Originally Posted by theMan-Bat View Post
Heh, you underestimate me.

The Super Friends cartoons were made by Hanna-Barbara Productions, Inc., for the ABC television network. Hanna-Barbera had acquired the rights to adapted the Warner/DC characters for television. Frank Miller had nothing to do with Hanna-Barbara or ABC and certainly was not a Super Friends fan. Alan Brennert and Frank Miller definitely were not pals. Brennert hated Miller's Batman: The Dark Knight Returns. As reported in Comics Journal #111 (September, 1986), on June 27, 1986, Alan Brennert called into Harlan Ellison's Hour 25 radio talk show which was broadcast on Los Angeles KPFK (90.7 FM):

As I acknowledged, Frank Miller was making changes to Batman's history, yet, Miller's Batman: Year One left most previous Batman stories intact.
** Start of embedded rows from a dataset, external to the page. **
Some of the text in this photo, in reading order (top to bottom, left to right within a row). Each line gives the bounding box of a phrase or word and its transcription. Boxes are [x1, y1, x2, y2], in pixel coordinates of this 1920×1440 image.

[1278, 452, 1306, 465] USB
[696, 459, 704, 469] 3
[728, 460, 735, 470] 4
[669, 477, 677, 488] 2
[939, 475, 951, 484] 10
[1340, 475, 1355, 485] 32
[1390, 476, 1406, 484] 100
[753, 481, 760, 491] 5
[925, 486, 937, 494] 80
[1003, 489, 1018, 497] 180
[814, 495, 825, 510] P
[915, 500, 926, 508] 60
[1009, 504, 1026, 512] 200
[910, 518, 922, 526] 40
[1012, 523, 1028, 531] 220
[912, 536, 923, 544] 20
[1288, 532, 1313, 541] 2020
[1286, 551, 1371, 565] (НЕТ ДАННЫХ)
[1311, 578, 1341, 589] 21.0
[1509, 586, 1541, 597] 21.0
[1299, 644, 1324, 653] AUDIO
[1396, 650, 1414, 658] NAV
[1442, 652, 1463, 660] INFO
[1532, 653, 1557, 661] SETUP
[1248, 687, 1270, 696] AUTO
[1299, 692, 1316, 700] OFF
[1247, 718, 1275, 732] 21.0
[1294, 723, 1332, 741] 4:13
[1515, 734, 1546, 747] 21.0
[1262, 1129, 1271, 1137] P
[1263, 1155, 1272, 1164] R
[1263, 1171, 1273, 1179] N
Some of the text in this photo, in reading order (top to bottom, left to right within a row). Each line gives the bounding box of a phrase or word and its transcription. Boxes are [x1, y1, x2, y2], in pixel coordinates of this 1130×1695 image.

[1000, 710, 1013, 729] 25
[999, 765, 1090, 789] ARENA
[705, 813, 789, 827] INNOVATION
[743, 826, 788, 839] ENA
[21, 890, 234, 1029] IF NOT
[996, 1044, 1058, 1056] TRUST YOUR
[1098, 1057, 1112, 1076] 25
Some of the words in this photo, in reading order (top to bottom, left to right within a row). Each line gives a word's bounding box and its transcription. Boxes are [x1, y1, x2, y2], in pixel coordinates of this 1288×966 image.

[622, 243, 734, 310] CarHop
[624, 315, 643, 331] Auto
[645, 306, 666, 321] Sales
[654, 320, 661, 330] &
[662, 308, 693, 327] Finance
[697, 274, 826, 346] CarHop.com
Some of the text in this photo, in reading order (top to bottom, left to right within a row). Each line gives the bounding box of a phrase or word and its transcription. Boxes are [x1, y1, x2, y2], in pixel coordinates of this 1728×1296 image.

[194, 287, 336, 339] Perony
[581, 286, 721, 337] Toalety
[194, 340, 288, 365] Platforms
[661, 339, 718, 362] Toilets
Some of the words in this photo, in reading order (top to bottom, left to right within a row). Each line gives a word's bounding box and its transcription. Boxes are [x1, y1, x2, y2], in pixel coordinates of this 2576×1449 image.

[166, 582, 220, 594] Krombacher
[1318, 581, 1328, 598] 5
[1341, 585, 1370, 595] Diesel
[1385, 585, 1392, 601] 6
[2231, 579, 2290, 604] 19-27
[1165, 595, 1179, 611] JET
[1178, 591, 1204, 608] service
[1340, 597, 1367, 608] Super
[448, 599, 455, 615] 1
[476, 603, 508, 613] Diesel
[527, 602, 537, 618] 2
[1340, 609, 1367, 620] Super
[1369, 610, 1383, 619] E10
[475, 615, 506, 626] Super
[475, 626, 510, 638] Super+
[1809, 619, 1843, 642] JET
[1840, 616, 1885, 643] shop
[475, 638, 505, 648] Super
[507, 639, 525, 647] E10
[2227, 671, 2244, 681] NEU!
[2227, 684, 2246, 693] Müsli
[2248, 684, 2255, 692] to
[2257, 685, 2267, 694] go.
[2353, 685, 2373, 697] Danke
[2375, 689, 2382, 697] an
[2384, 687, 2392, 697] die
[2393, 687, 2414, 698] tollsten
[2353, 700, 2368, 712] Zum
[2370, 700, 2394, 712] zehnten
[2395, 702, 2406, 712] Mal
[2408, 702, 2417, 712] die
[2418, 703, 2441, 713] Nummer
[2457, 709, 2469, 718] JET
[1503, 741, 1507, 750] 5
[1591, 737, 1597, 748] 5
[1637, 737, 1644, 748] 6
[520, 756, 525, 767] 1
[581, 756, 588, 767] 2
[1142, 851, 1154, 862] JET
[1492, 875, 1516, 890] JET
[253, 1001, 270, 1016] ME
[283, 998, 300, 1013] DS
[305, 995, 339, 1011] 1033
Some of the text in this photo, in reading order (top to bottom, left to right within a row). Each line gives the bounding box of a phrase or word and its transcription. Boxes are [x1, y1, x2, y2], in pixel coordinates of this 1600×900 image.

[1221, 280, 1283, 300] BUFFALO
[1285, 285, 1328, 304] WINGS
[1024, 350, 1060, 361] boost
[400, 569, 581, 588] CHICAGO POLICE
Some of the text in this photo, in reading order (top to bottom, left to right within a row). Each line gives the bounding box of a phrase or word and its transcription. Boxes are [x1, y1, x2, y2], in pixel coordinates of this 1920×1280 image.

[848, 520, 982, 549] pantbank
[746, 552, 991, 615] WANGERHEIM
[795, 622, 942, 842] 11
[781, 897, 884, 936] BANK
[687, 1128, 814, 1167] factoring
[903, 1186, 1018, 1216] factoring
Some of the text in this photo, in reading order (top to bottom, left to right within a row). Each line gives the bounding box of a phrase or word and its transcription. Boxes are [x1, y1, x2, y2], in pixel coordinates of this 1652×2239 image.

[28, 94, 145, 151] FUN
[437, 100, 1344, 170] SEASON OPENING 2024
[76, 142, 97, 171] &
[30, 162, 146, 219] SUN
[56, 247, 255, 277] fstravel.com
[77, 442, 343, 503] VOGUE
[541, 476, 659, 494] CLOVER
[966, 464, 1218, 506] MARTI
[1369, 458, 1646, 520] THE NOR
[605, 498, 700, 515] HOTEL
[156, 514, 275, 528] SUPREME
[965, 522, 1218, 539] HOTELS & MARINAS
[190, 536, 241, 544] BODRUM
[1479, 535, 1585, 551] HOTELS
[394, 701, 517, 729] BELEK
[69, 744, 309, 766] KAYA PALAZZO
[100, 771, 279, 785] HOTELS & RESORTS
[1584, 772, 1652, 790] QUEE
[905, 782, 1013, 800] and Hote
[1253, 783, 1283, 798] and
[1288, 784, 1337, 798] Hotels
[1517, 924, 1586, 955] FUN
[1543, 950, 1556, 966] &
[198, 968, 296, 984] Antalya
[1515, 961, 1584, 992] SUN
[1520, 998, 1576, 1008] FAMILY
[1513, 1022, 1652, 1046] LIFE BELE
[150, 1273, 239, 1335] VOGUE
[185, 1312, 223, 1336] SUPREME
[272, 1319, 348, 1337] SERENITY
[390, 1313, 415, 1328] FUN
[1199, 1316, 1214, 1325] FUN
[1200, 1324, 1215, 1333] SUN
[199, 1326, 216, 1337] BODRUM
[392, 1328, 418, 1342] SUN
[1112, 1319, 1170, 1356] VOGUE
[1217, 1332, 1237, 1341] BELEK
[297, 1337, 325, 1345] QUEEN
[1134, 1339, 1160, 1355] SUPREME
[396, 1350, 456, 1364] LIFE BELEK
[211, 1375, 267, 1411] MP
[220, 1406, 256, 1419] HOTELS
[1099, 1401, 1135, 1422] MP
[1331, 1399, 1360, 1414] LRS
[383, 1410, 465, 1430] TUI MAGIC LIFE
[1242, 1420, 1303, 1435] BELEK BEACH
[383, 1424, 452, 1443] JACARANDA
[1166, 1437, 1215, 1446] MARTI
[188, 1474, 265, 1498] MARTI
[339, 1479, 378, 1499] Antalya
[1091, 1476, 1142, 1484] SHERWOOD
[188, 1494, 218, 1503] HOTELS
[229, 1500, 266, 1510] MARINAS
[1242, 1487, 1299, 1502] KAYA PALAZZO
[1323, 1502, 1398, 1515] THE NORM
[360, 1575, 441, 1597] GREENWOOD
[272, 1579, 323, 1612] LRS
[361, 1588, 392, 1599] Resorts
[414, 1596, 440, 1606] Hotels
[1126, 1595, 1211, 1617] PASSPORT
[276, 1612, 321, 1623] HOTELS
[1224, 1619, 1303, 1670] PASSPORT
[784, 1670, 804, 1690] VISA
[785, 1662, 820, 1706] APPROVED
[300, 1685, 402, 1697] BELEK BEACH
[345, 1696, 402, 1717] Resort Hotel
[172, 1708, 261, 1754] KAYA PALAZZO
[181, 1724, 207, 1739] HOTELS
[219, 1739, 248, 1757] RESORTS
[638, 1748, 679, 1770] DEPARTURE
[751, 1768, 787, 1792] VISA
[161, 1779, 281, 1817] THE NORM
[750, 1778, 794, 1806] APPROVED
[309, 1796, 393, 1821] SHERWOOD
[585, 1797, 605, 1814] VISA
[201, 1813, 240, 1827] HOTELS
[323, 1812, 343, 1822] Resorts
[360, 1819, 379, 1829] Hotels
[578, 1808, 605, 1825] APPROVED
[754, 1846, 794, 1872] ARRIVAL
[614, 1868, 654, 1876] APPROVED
Gordon's age wasn't specified in those early Finger and Kane stories. Frank Miller's Batman: The Dark Knight Returns featured a friendship between Bruce Wayne and Gordon and Frank Miller's Batman: Year One featured a developing friendship between Bruce Wayne and Gordon as Bruce saved Gordon's baby. Frank Miller obviously changed the baby to James Junior. I already pointed out that Frank Miller made Alfred the person who raised Bruce. Batman isn't shown facing the Joker in Batman: Year One. The Joker was only referenced as somebody threatening to poison the water. That does not mean the early Finger and Kane Joker stories couldn't have also happened. Gordon's love life was not stated in the early Finger and Kane stories. Selina's origin was not stated in those early Finger and Kane stories. She first appeared without an origin and was only known as just the Cat originally, and she was never once called "Catwoman" in Batman: Year One.
As for The Spirit, Frank Miller explained: "The specific stories that made the core of this movie were three. One was 'Sand Saref' (originally published on January 8th, 1950 in The Spirit newspaper strip) the second one was 'Bring In Sand Saref' (originally published on January 15th, 1950 in The Spirit newspaper strip) which is basically a two-parter. And the other one was another story called 'Showdown' (originally published on February 4th, 1951 in The Spirit newspaper strip), which was nothing but a bloody fight between the Spirit and the Octopus where it was demonstrated that both of them could withstand inhuman punishment, which led then to figuring out how to justify that. And that’s where the original part of the screenplay takes shape because the relationship between the Octopus and the Spirit is at the heart of the story. It allowed me to make the Spirit a man who is existentially confused about why he came back from the dead."
Alan Burnett and Alan Brennert are two different people, but that interview you posted is awesome, and while Brennert is already one of my favorite writers, my respect for him has increased even more after that. He also added Kathy Kane to Earth-Two because O'Neil killed the Earth-One version. He's a better writer than Miller and O'Neil combined.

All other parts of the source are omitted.